Records contained in a dataset:
====
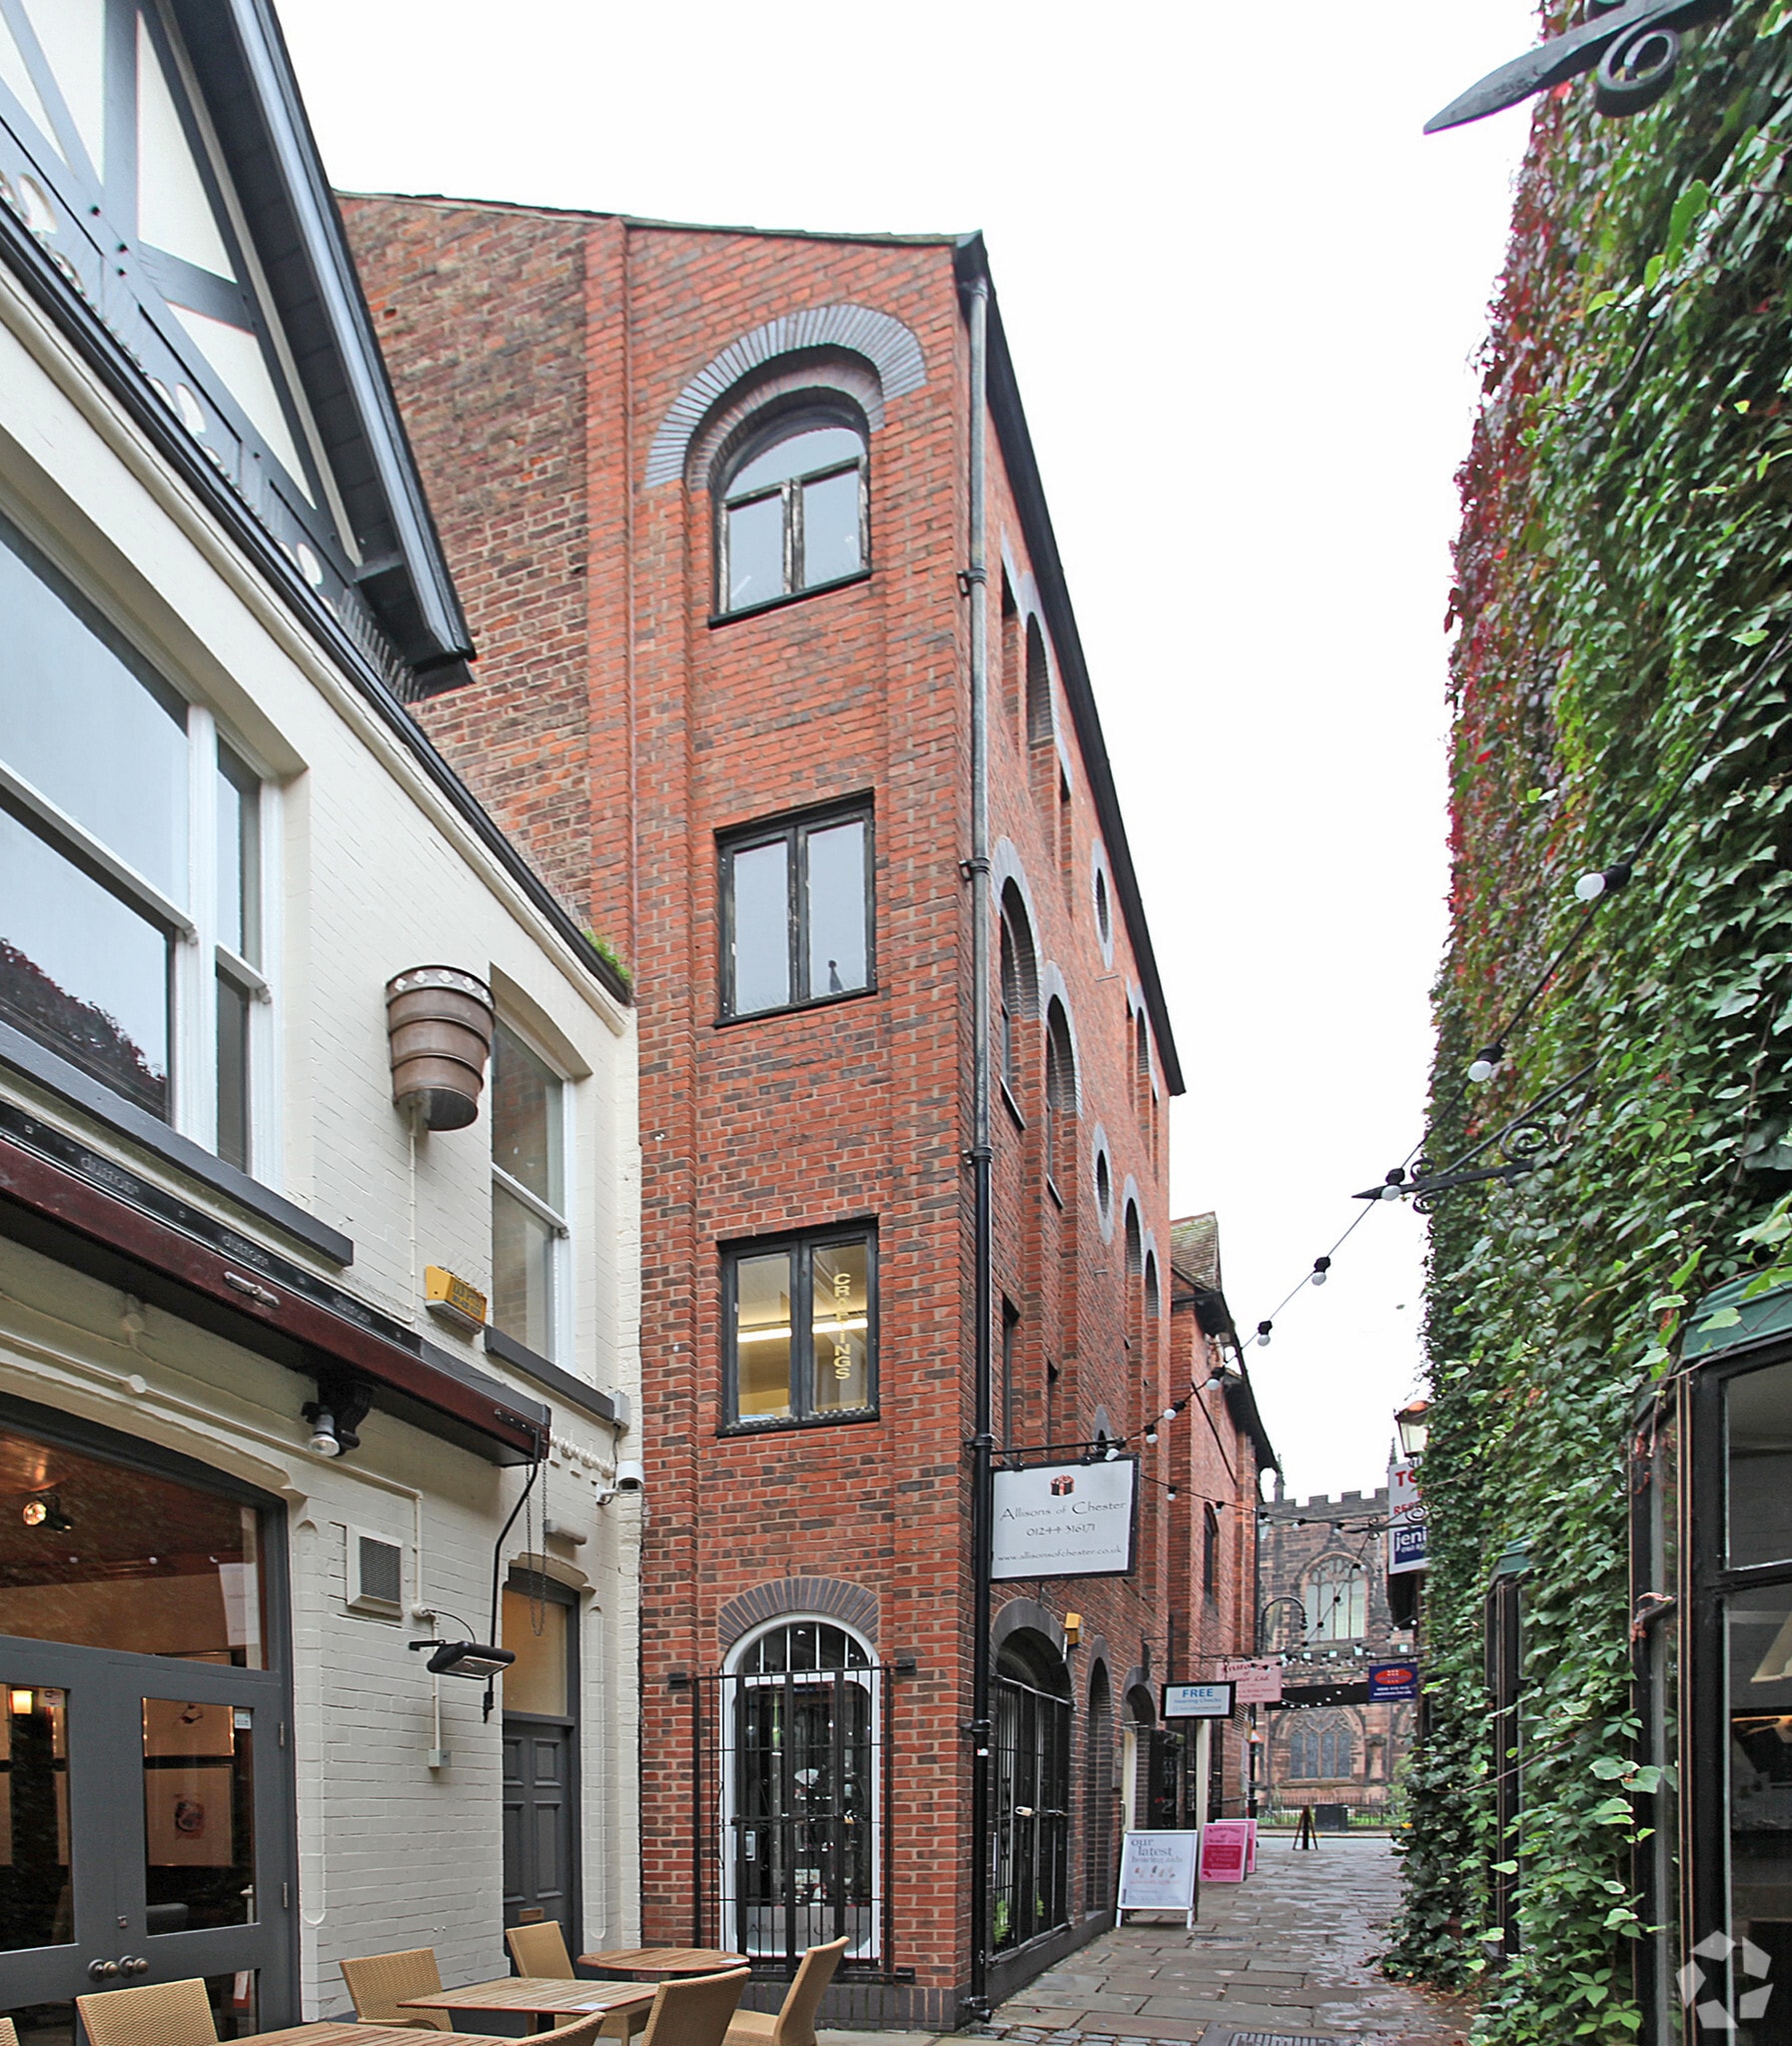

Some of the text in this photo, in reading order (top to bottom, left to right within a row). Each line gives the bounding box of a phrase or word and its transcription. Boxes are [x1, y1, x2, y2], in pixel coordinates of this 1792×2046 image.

[999, 1501, 1127, 1523] Allisons of Chester
[1026, 1526, 1062, 1537] 01244
[1182, 1687, 1215, 1698] FREE
[1131, 1838, 1155, 1847] our
[1138, 1845, 1173, 1856] latest
====
→ What to work on
Write out the records above once more, word for word, with no pictures.

→ Response to this task
Some of the text in this photo, in reading order (top to bottom, left to right within a row). Each line gives the bounding box of a phrase or word and its transcription. Boxes are [x1, y1, x2, y2], in pixel coordinates of this 1792×2046 image.

[999, 1501, 1127, 1523] Allisons of Chester
[1026, 1526, 1062, 1537] 01244
[1182, 1687, 1215, 1698] FREE
[1131, 1838, 1155, 1847] our
[1138, 1845, 1173, 1856] latest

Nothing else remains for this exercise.